▸ Records from a collection
== Segment start ==

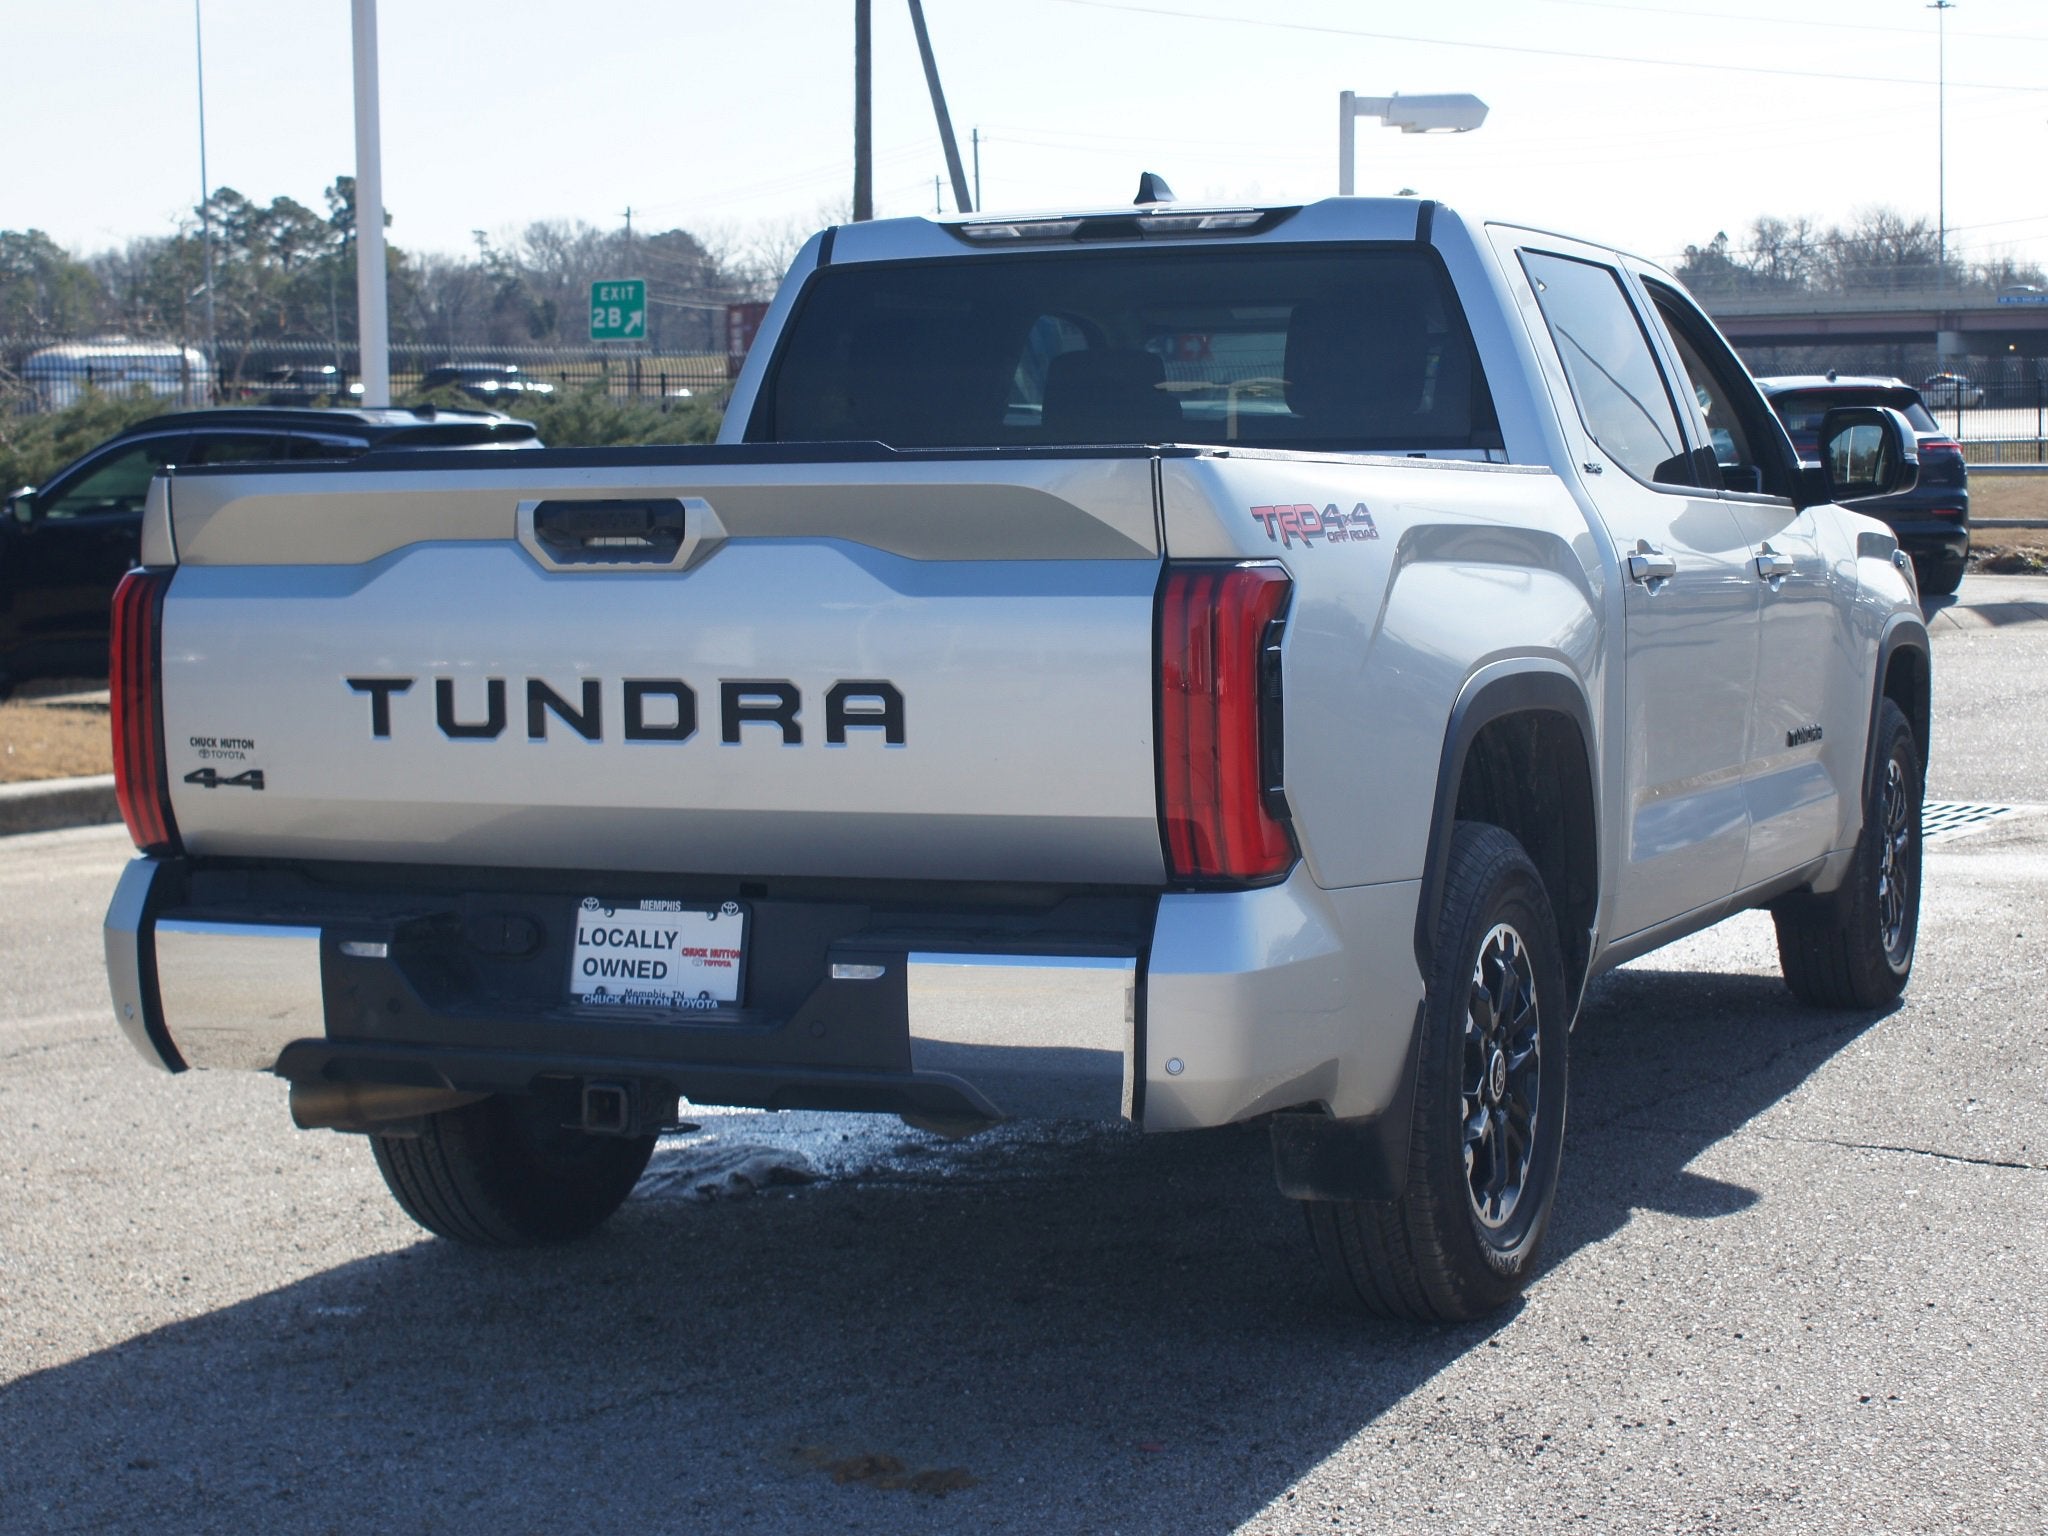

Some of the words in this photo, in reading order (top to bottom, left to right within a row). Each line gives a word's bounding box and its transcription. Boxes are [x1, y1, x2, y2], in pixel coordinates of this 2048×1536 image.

[601, 286, 635, 301] EXIT
[592, 307, 621, 328] 2B
[1326, 530, 1349, 544] OFF
[1350, 528, 1380, 542] ROAD
[346, 676, 906, 748] TUNDRA
[189, 736, 217, 748] CHUCK
[220, 738, 255, 750] HUTTON
[211, 749, 246, 761] TOYOTA
[640, 900, 681, 912] MEMPHIS
[578, 927, 679, 950] LOCALLY
[681, 946, 708, 958] CHUCK
[709, 948, 743, 959] HUTTON
[582, 957, 668, 980] OWNED
[703, 959, 732, 969] TOYOTA
[582, 993, 621, 1005] CHUCK
[626, 995, 671, 1007] HUTTON
[674, 999, 719, 1009] TOYOTA
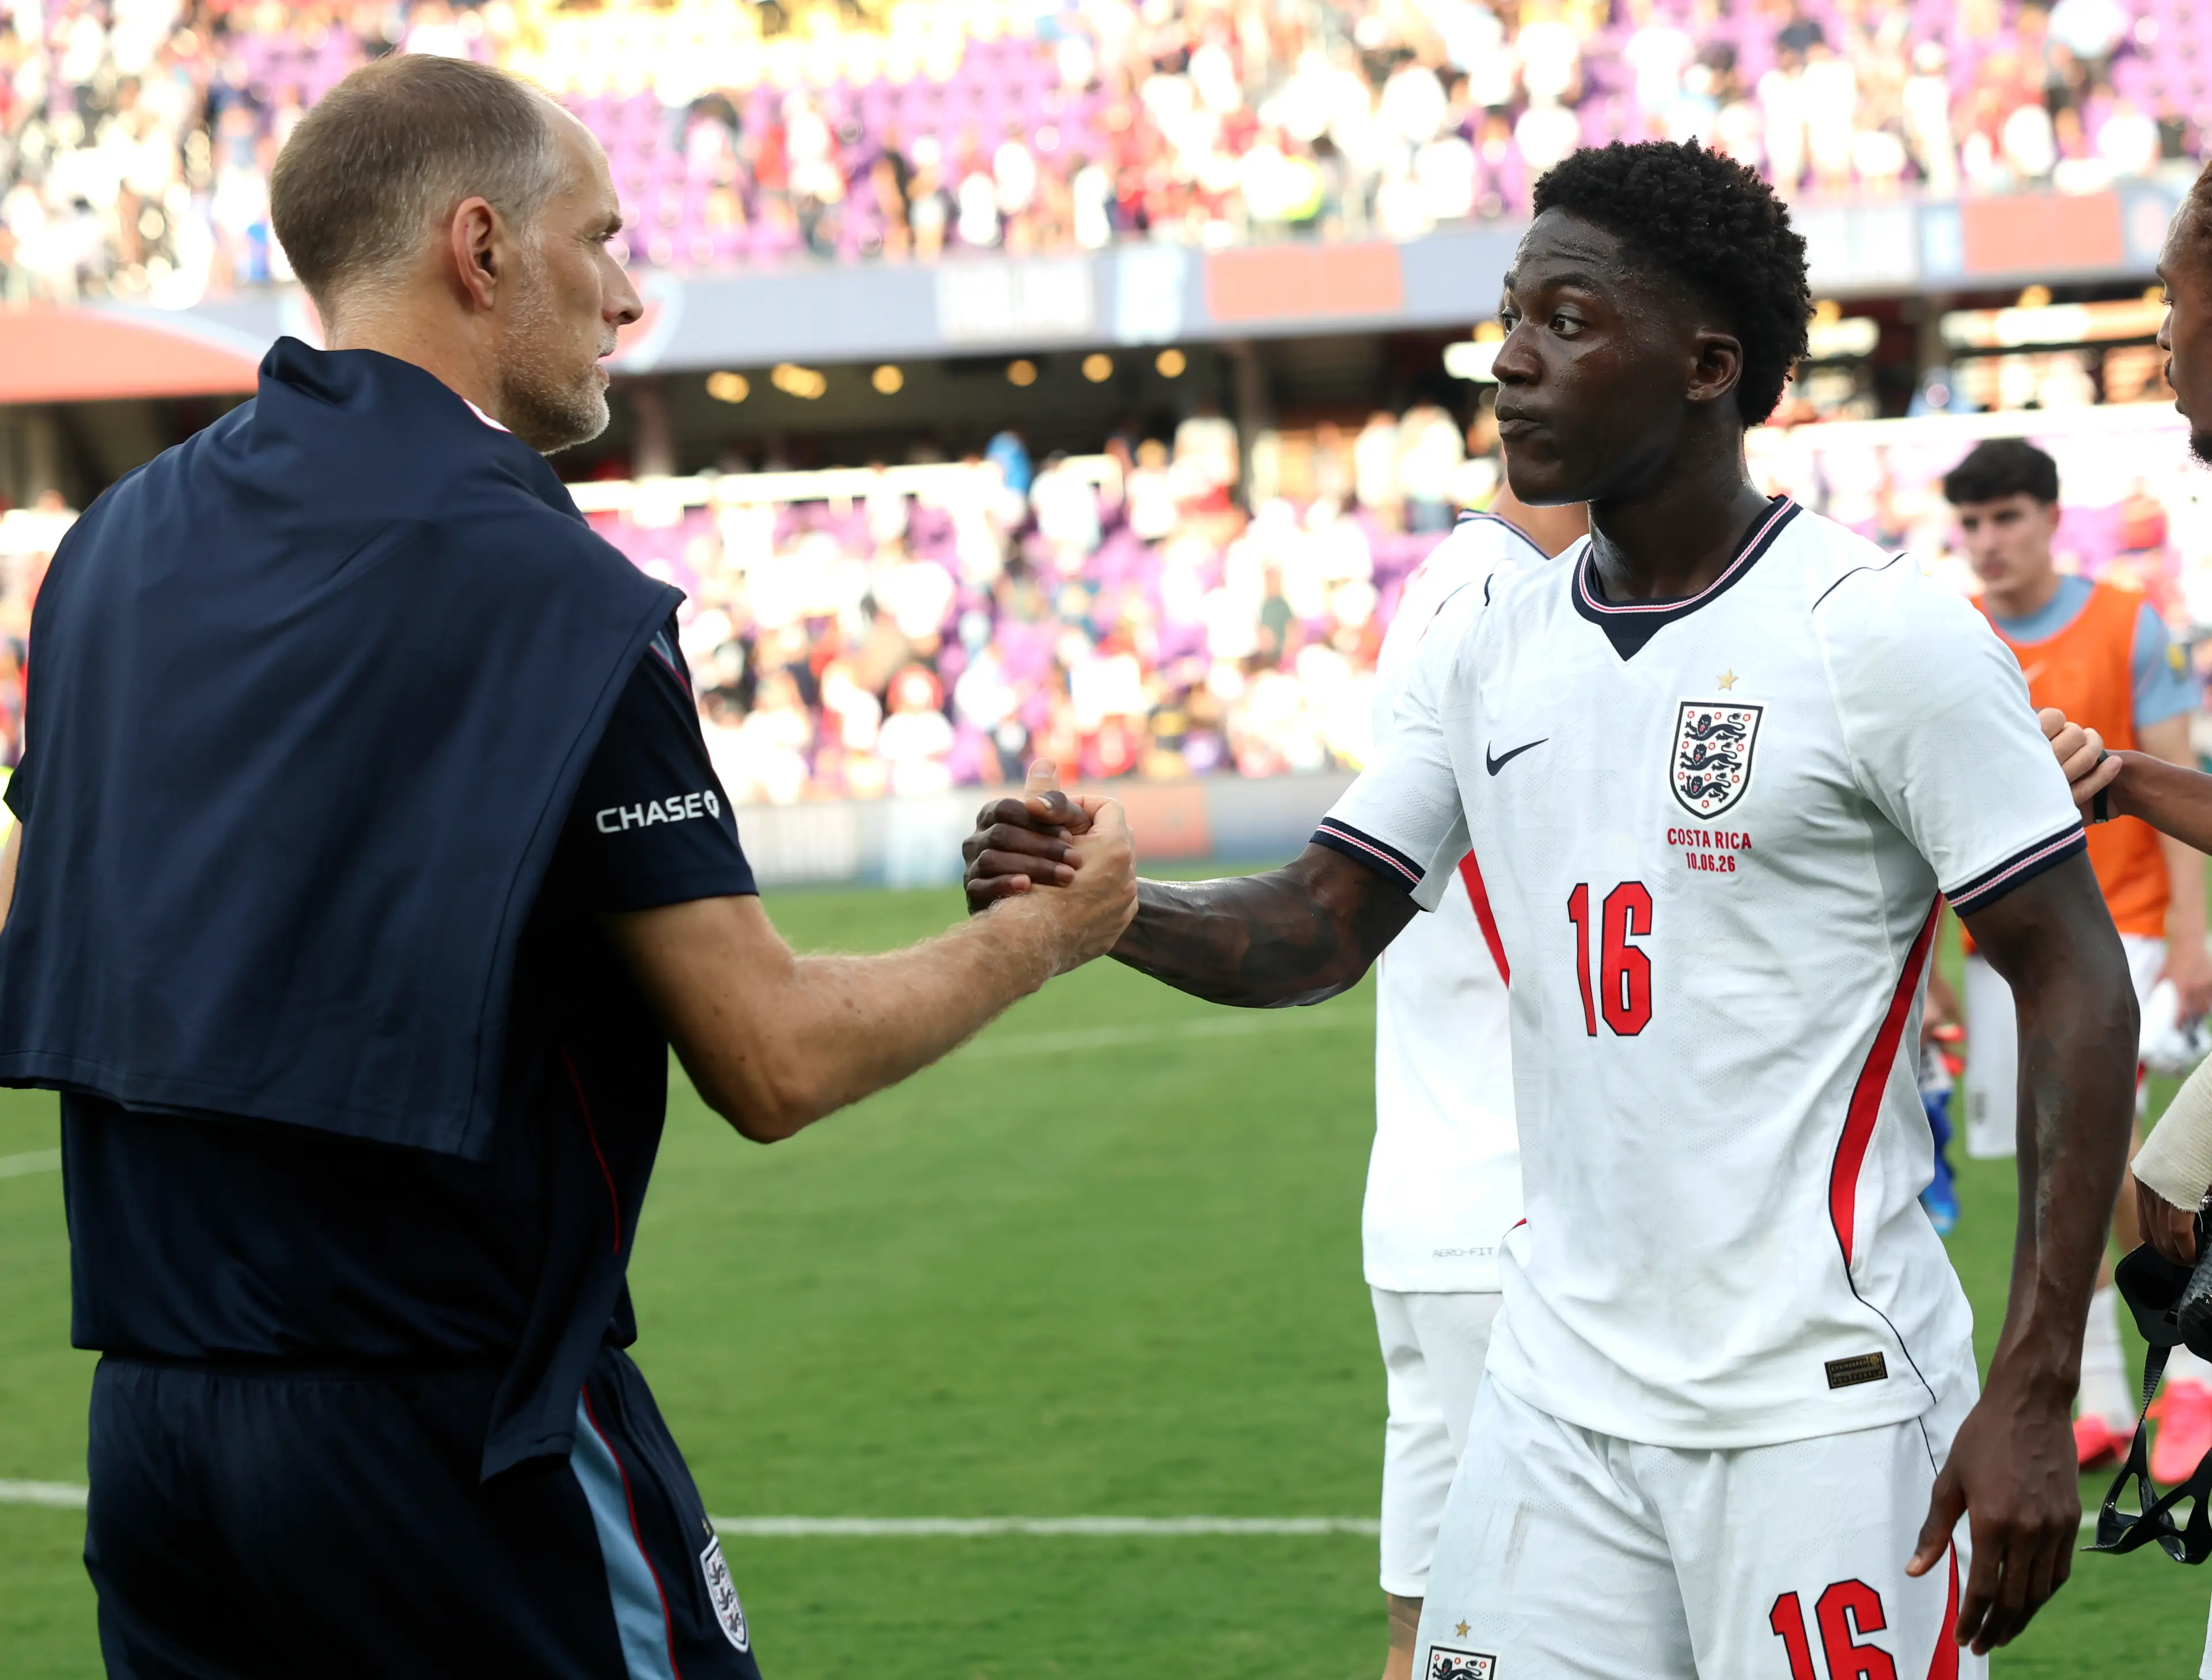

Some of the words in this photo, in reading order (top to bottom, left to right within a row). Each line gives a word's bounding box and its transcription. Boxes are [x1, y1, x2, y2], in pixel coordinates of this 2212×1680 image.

== Segment end ==

▸ About this exercise
Exact repetition of all entries is required. The pictures should not appear.

▸ Response box
Some of the words in this photo, in reading order (top to bottom, left to right within a row). Each line gives a word's bounding box and its transcription. Boxes are [x1, y1, x2, y2], in pixel coordinates of this 2048×1536 image.

[601, 286, 635, 301] EXIT
[592, 307, 621, 328] 2B
[1326, 530, 1349, 544] OFF
[1350, 528, 1380, 542] ROAD
[346, 676, 906, 748] TUNDRA
[189, 736, 217, 748] CHUCK
[220, 738, 255, 750] HUTTON
[211, 749, 246, 761] TOYOTA
[640, 900, 681, 912] MEMPHIS
[578, 927, 679, 950] LOCALLY
[681, 946, 708, 958] CHUCK
[709, 948, 743, 959] HUTTON
[582, 957, 668, 980] OWNED
[703, 959, 732, 969] TOYOTA
[582, 993, 621, 1005] CHUCK
[626, 995, 671, 1007] HUTTON
[674, 999, 719, 1009] TOYOTA

Some of the words in this photo, in reading order (top to bottom, left to right within a row). Each line gives a word's bounding box and its transcription. Boxes are [x1, y1, x2, y2], in pixel coordinates of this 2212×1680 image.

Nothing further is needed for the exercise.